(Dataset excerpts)
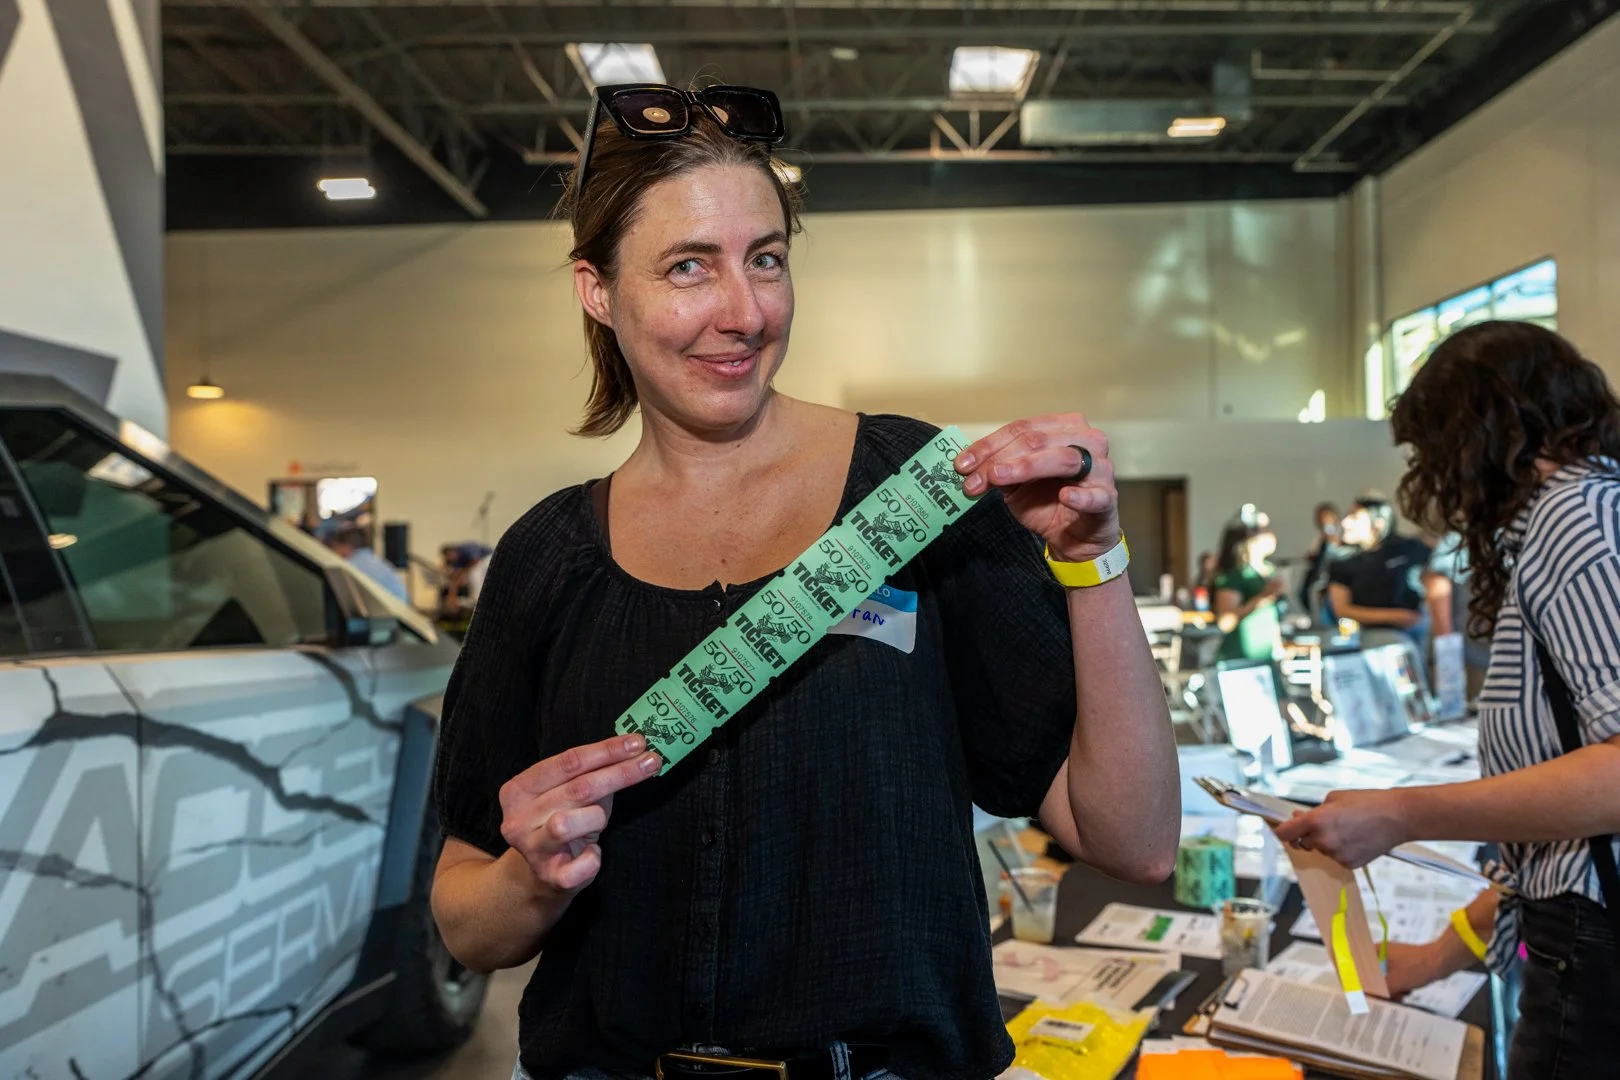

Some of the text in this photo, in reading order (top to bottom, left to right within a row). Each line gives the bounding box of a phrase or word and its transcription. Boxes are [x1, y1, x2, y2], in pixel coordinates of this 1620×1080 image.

[876, 488, 927, 543] 50/50
[908, 460, 961, 517] TICKET
[819, 539, 869, 593] 50/50
[850, 511, 903, 568] TICKET
[761, 590, 811, 644] 50/50
[793, 561, 845, 619] TICKET
[703, 640, 753, 695] 50/50
[734, 612, 787, 670] TICKET
[646, 691, 695, 745] 50/50
[677, 663, 729, 719] TICKET
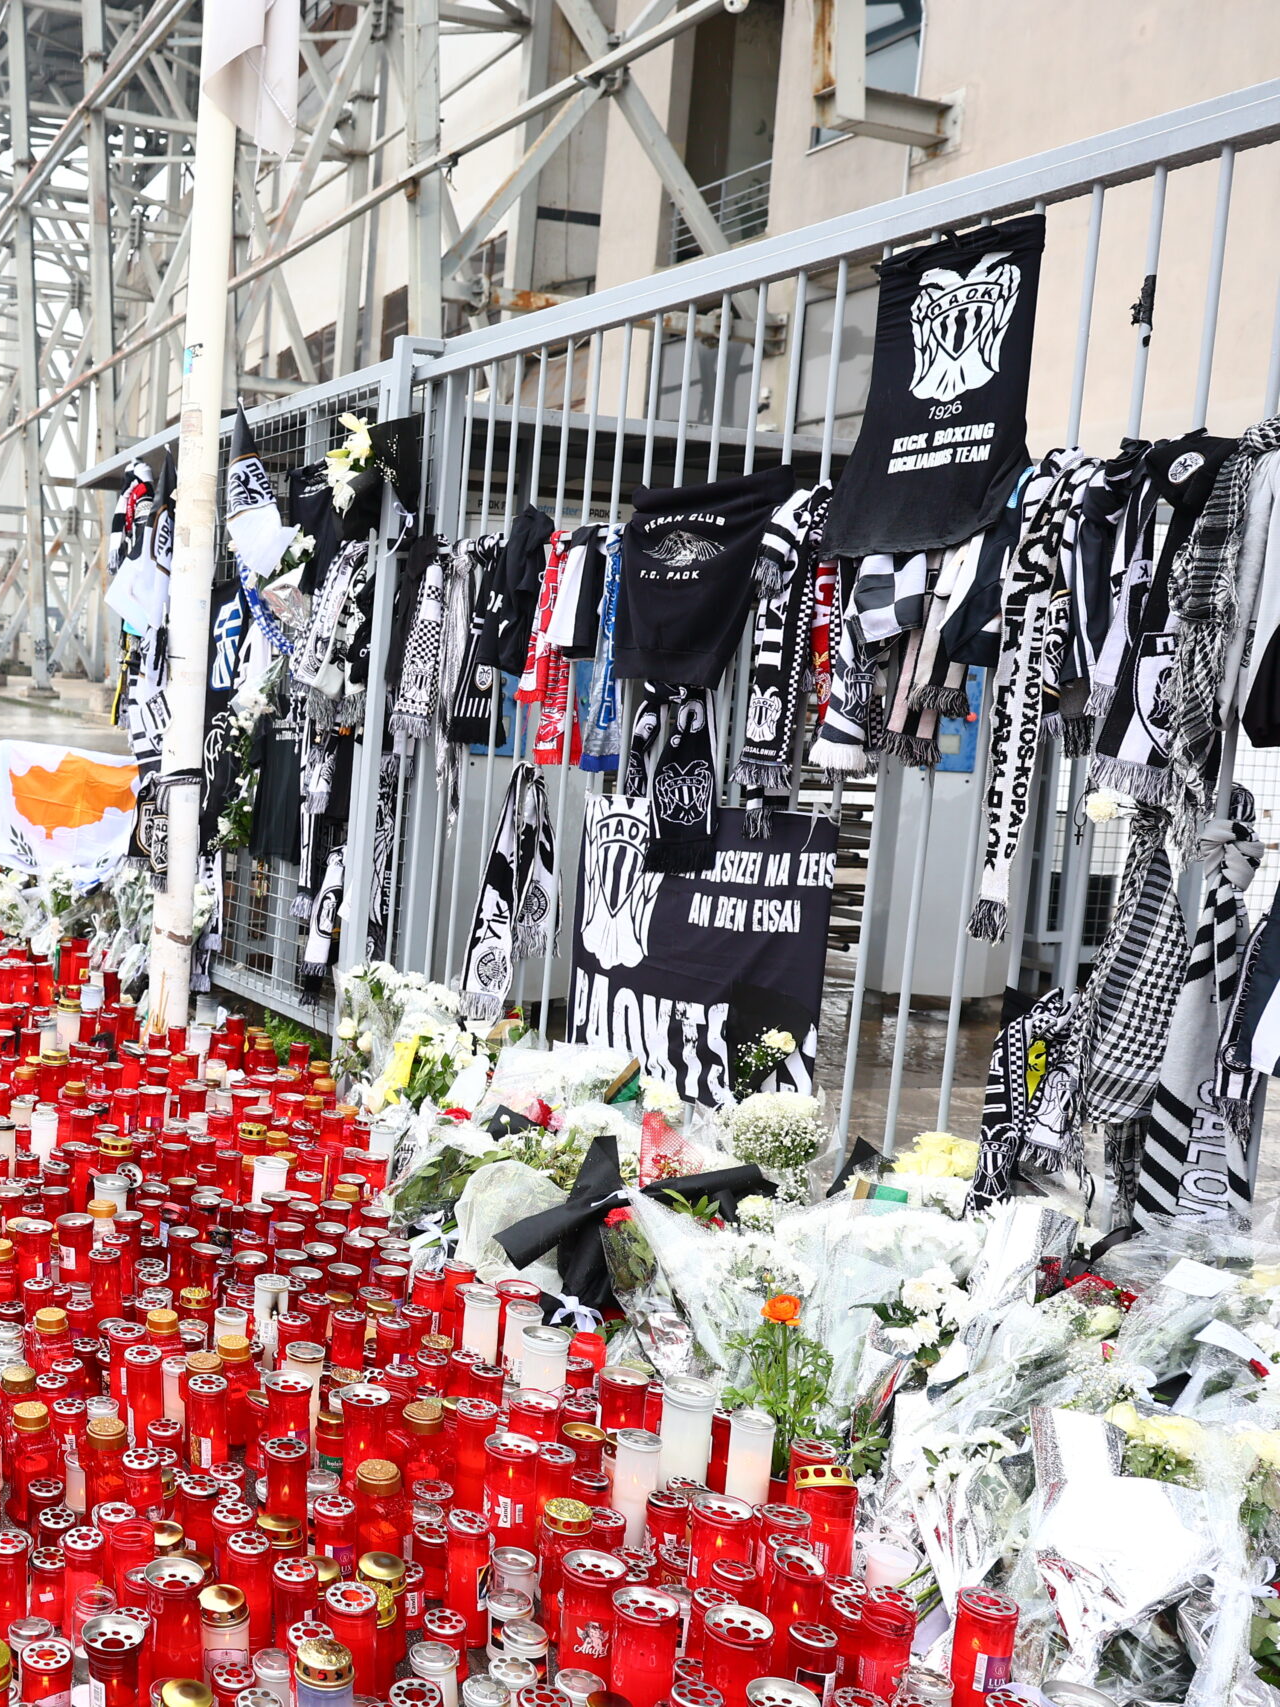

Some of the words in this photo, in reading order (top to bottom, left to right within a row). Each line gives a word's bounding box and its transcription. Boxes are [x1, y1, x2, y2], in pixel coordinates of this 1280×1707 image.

[928, 401, 963, 420] 1926
[892, 433, 929, 454] KICK
[933, 422, 995, 447] BOXING
[955, 444, 991, 463] TEAM
[689, 513, 726, 526] CLUB
[666, 570, 700, 580] PAOK
[764, 852, 791, 887] NA
[797, 852, 837, 890] ZEIS
[688, 892, 713, 928] AN
[713, 895, 748, 932] DEN
[752, 899, 801, 933] EISAI
[574, 1638, 609, 1659] Angel
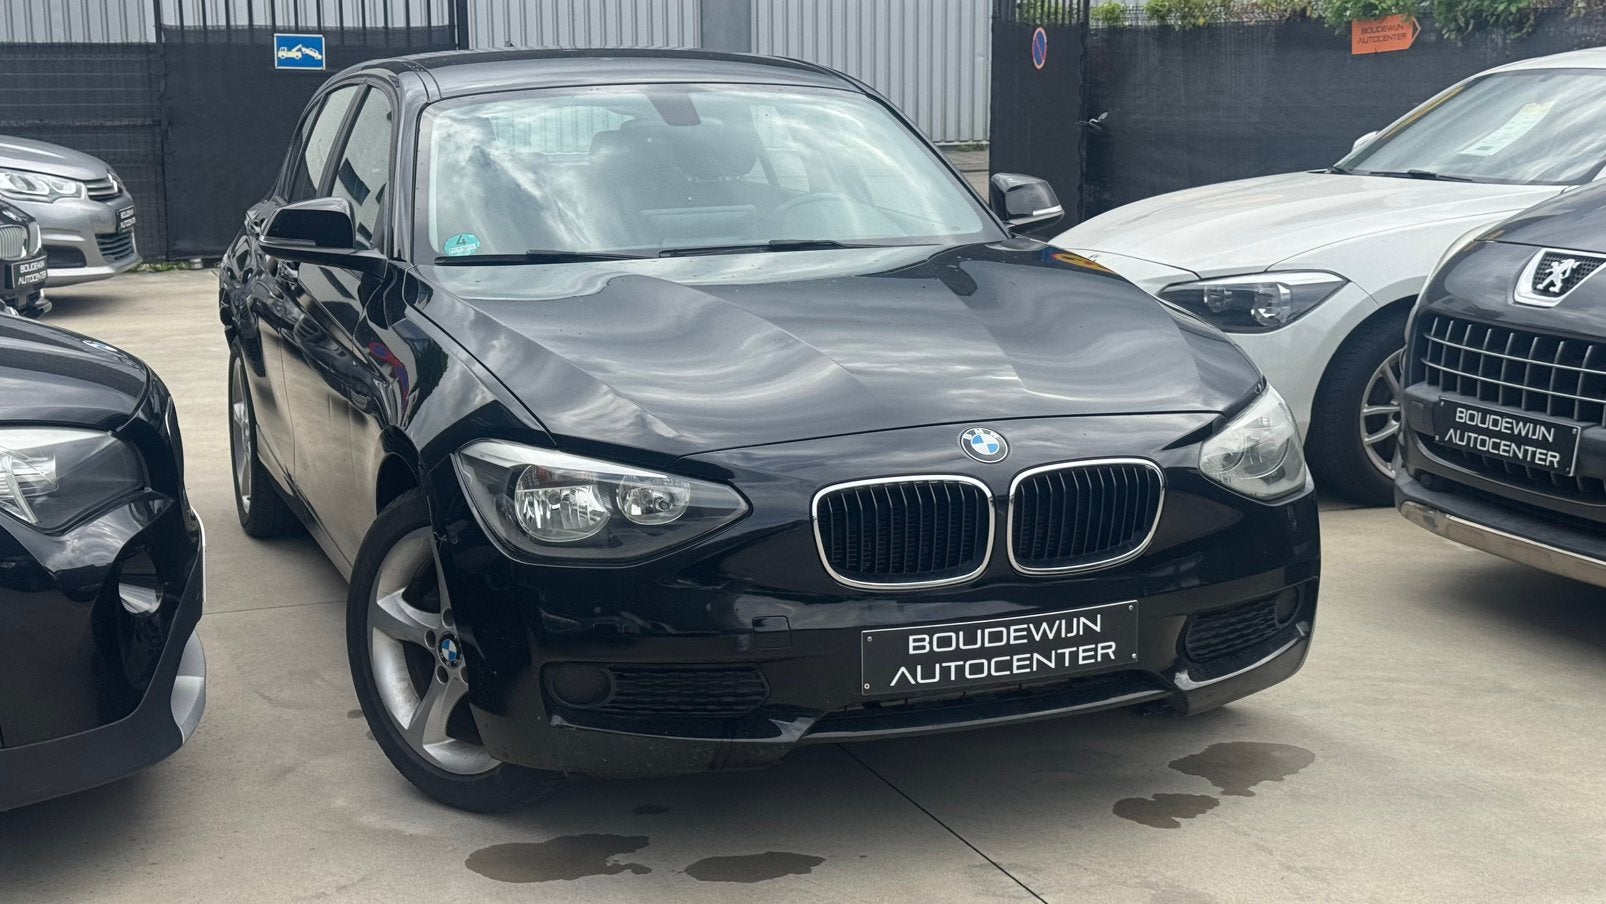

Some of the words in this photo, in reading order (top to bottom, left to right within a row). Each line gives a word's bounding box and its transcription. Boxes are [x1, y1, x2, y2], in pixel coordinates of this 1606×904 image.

=== YOUR OBJECTIVE ===
Keep every word of the data as it is when you write it out, but drop the pictures.

=== RESULT OF THE TASK ===
Some of the text in this photo, in reading order (top to bottom, left to right within a row). Each line gives the bounding box of a phrase or word and its transcription. Boxes are [x1, y1, x2, y2], in pixel coordinates of this 1620×1080 image.

[876, 488, 927, 543] 50/50
[908, 460, 961, 517] TICKET
[819, 539, 869, 593] 50/50
[850, 511, 903, 568] TICKET
[761, 590, 811, 644] 50/50
[793, 561, 845, 619] TICKET
[703, 640, 753, 695] 50/50
[734, 612, 787, 670] TICKET
[646, 691, 695, 745] 50/50
[677, 663, 729, 719] TICKET

Some of the words in this photo, in reading order (top to bottom, left to right within a row). Each line gives a word's bounding box and its transcription. Boxes are [x1, y1, x2, y2], in pixel coordinates of this 1280×1707 image.

[928, 401, 963, 420] 1926
[892, 433, 929, 454] KICK
[933, 422, 995, 447] BOXING
[955, 444, 991, 463] TEAM
[689, 513, 726, 526] CLUB
[666, 570, 700, 580] PAOK
[764, 852, 791, 887] NA
[797, 852, 837, 890] ZEIS
[688, 892, 713, 928] AN
[713, 895, 748, 932] DEN
[752, 899, 801, 933] EISAI
[574, 1638, 609, 1659] Angel

Some of the words in this photo, in reading order (top to bottom, left to right within a row). Each line gives a word's bounding box and its transcription. Boxes are [x1, y1, x2, y2], in pixel coordinates of this 1606×904 image.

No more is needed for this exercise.